Task to carry out:
Of the lines below, reproduce exactly those from the line containing "Some of the text" to the end, including both the first and the last.

Phrase grounding data

=-=-=-=-=

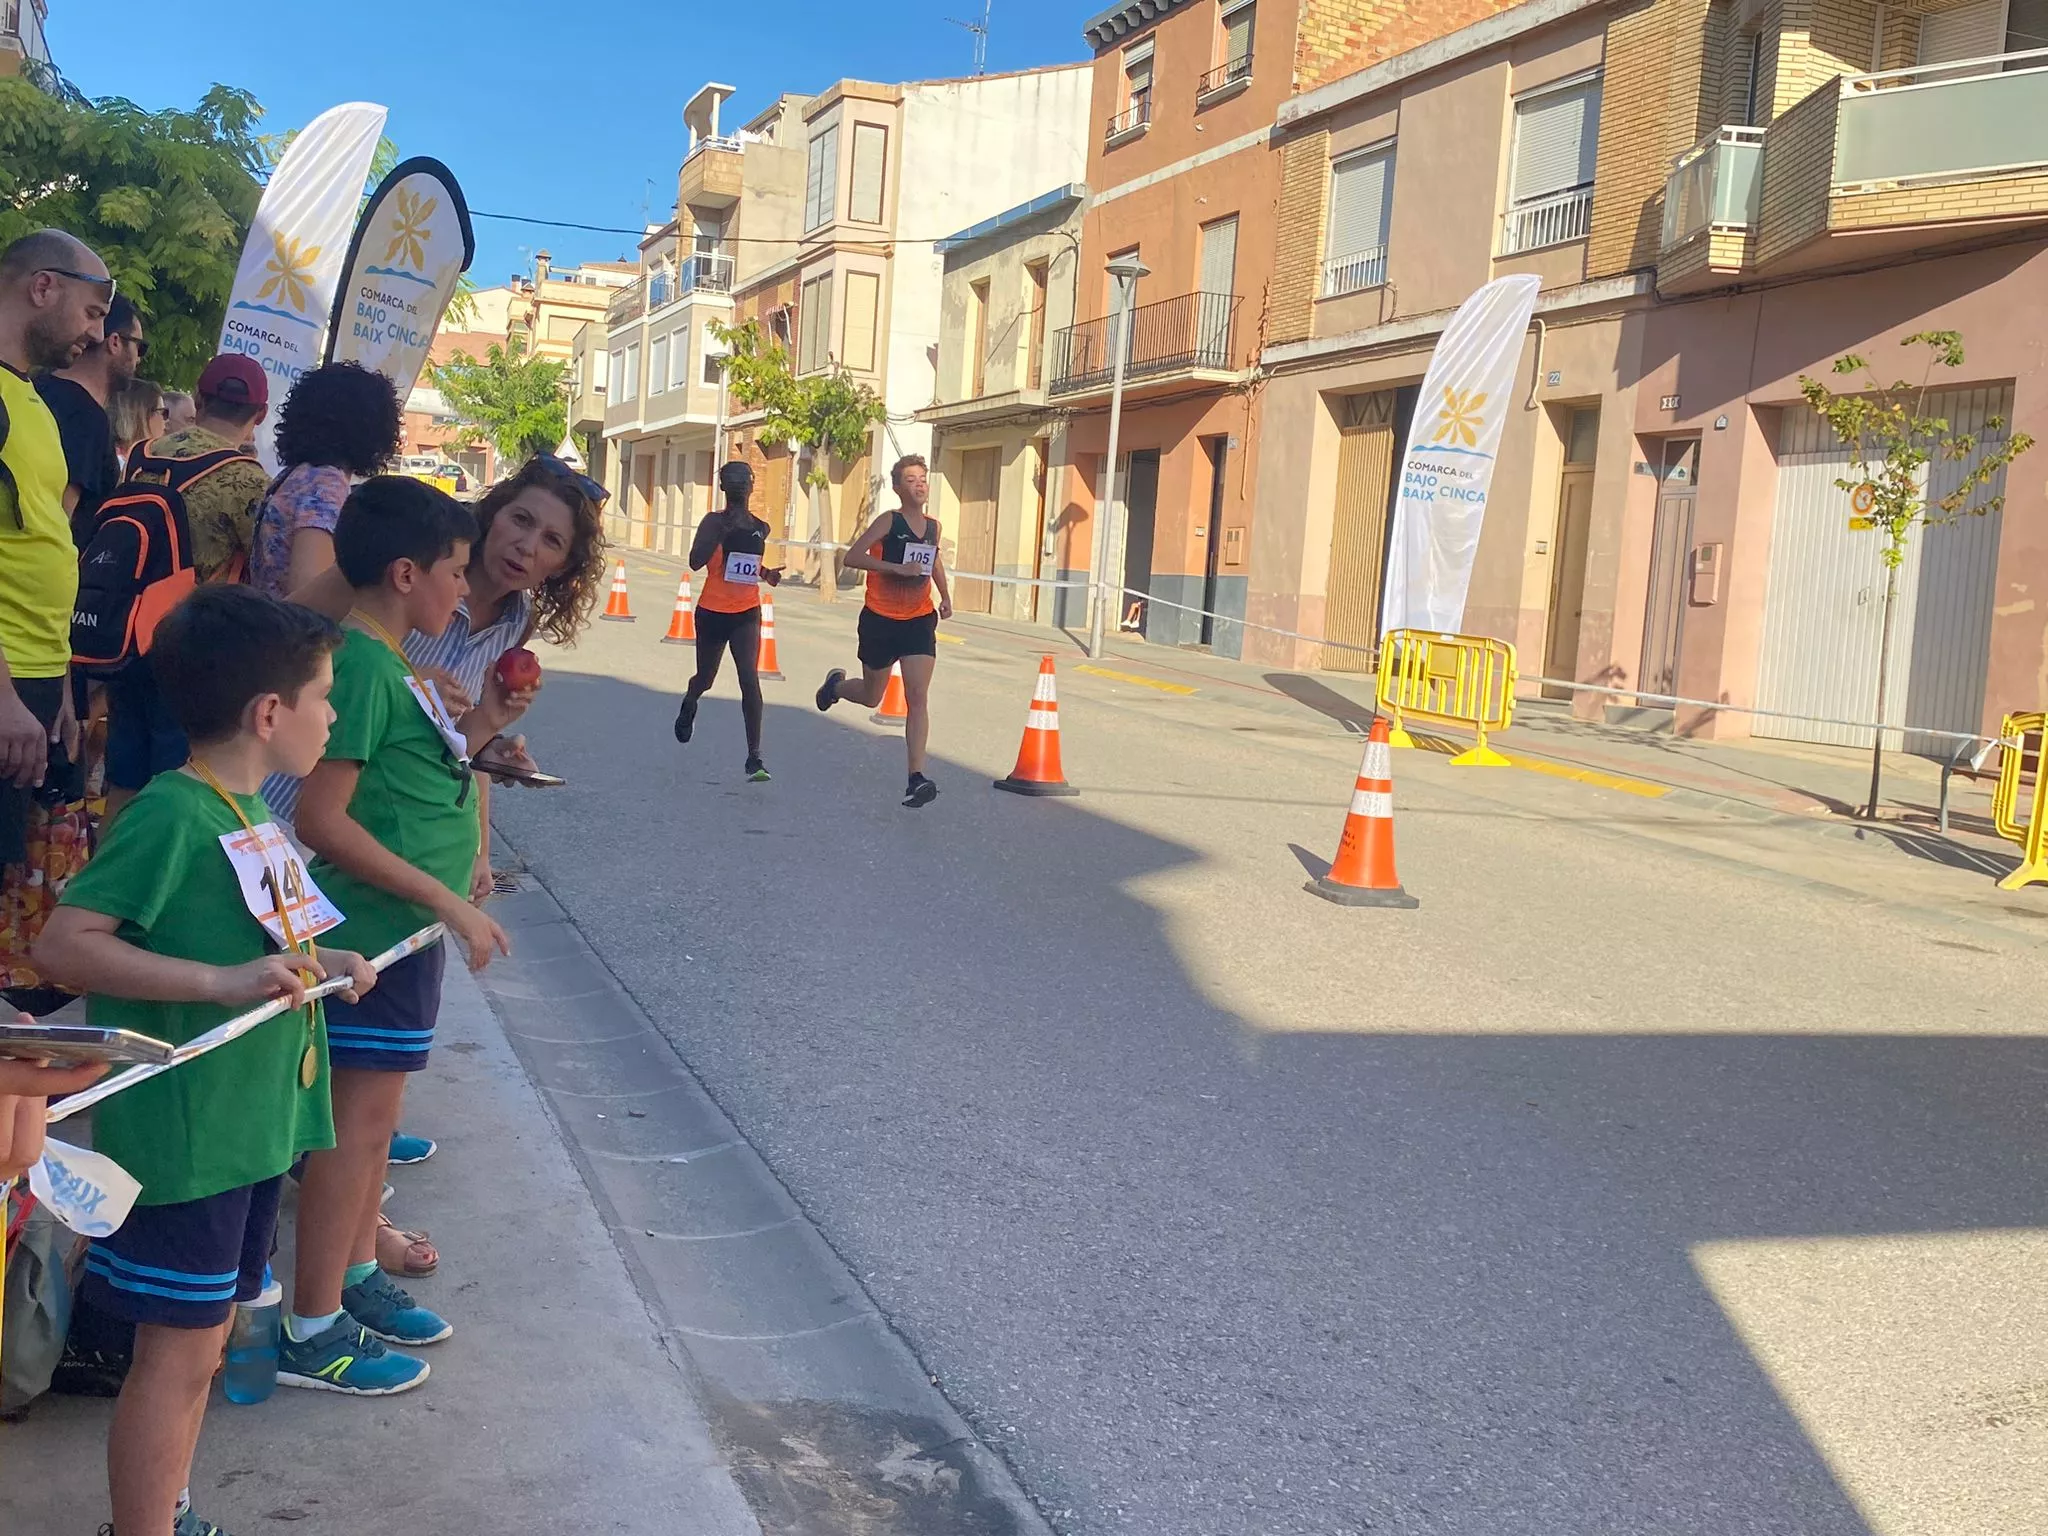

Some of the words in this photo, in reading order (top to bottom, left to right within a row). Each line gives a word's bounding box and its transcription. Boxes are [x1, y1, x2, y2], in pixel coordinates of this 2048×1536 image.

[360, 286, 405, 311] COMARCA
[356, 301, 387, 324] BAJO
[227, 319, 282, 347] COMARCA
[283, 340, 299, 353] DEL
[352, 321, 384, 345] BAIX
[223, 333, 261, 356] BAJO
[261, 356, 303, 381] CINC
[1405, 471, 1438, 488] BAJO
[1407, 460, 1457, 477] COMARCA
[1459, 470, 1474, 480] DEL
[1402, 486, 1435, 503] BAIX
[1440, 485, 1486, 504] CINCA
[910, 551, 931, 565] 105
[734, 561, 758, 577] 102
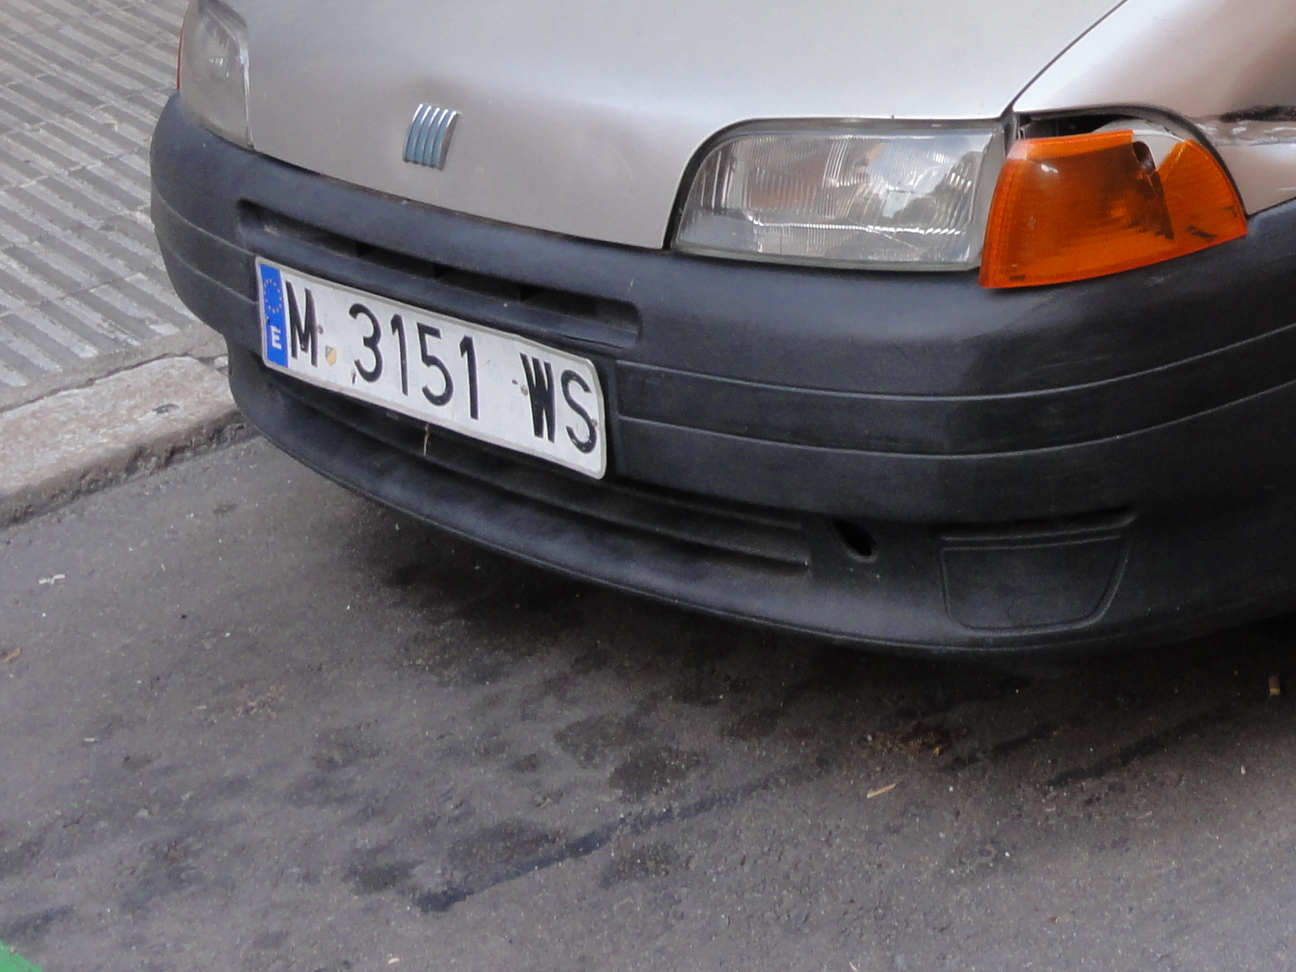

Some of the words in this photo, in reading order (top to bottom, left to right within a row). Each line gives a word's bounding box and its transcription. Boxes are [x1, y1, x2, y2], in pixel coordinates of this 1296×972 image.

[271, 325, 282, 350] E
[284, 280, 319, 367] M
[349, 302, 480, 420] 3151
[519, 351, 598, 455] WS
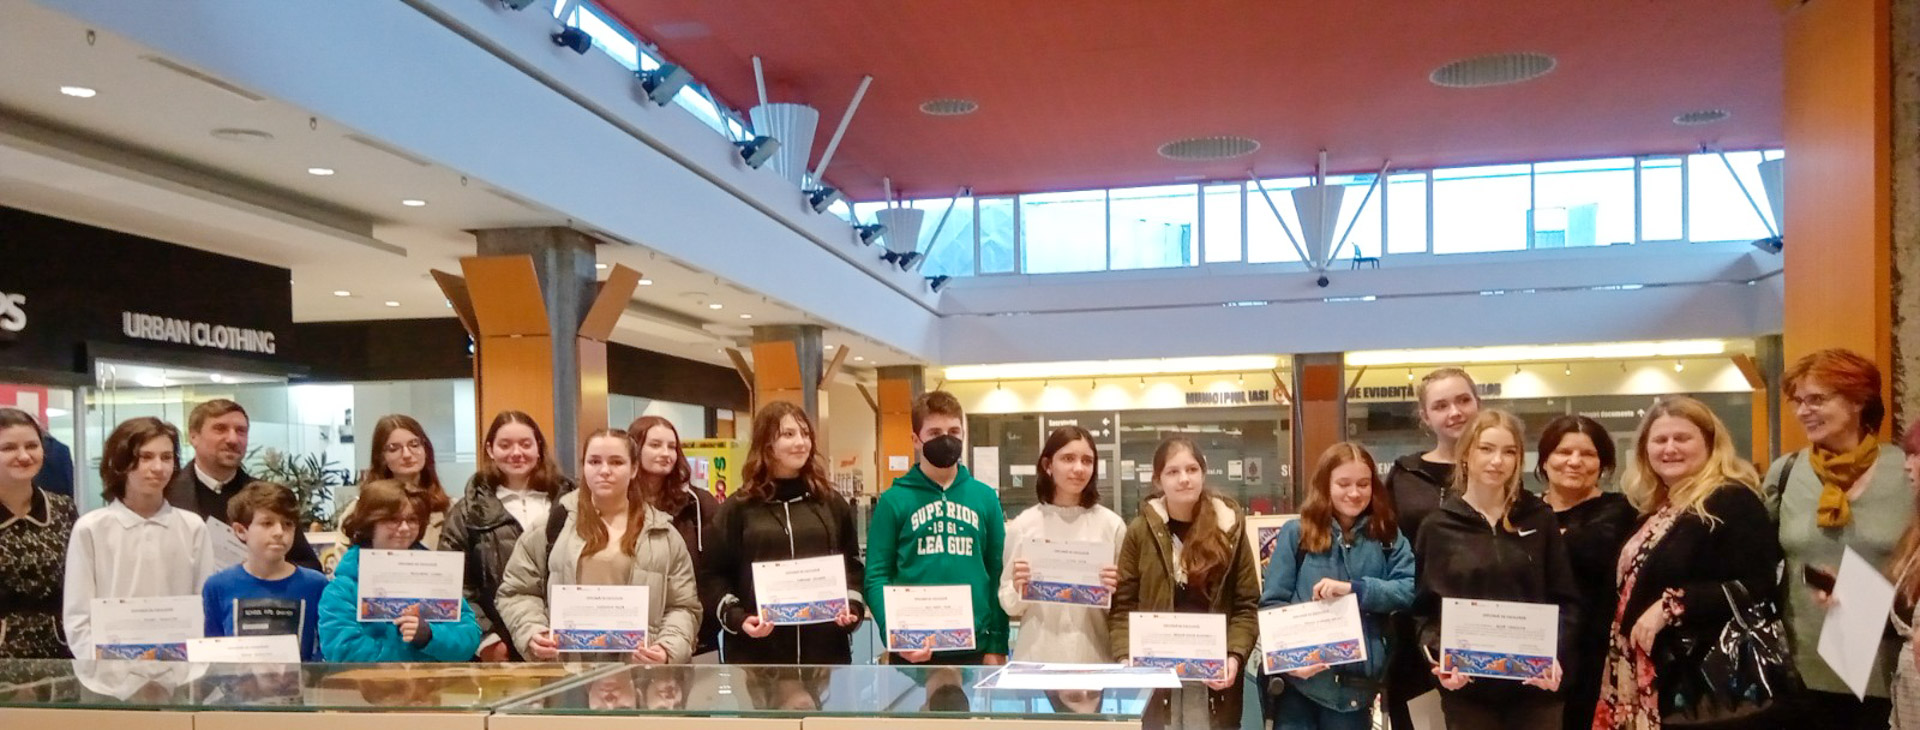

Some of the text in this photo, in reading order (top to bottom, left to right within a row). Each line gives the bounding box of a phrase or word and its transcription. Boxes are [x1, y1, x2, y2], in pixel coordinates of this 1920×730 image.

[122, 311, 275, 354] URBAN CLOTHING
[911, 500, 979, 532] SUPERIOR
[917, 534, 973, 557] LEAGUE

=-=-=-=-=

Worked solution:
Some of the text in this photo, in reading order (top to bottom, left to right within a row). Each line gives the bounding box of a phrase or word and its transcription. Boxes are [x1, y1, x2, y2], in pixel coordinates of this 1920×730 image.

[122, 311, 275, 354] URBAN CLOTHING
[911, 500, 979, 532] SUPERIOR
[917, 534, 973, 557] LEAGUE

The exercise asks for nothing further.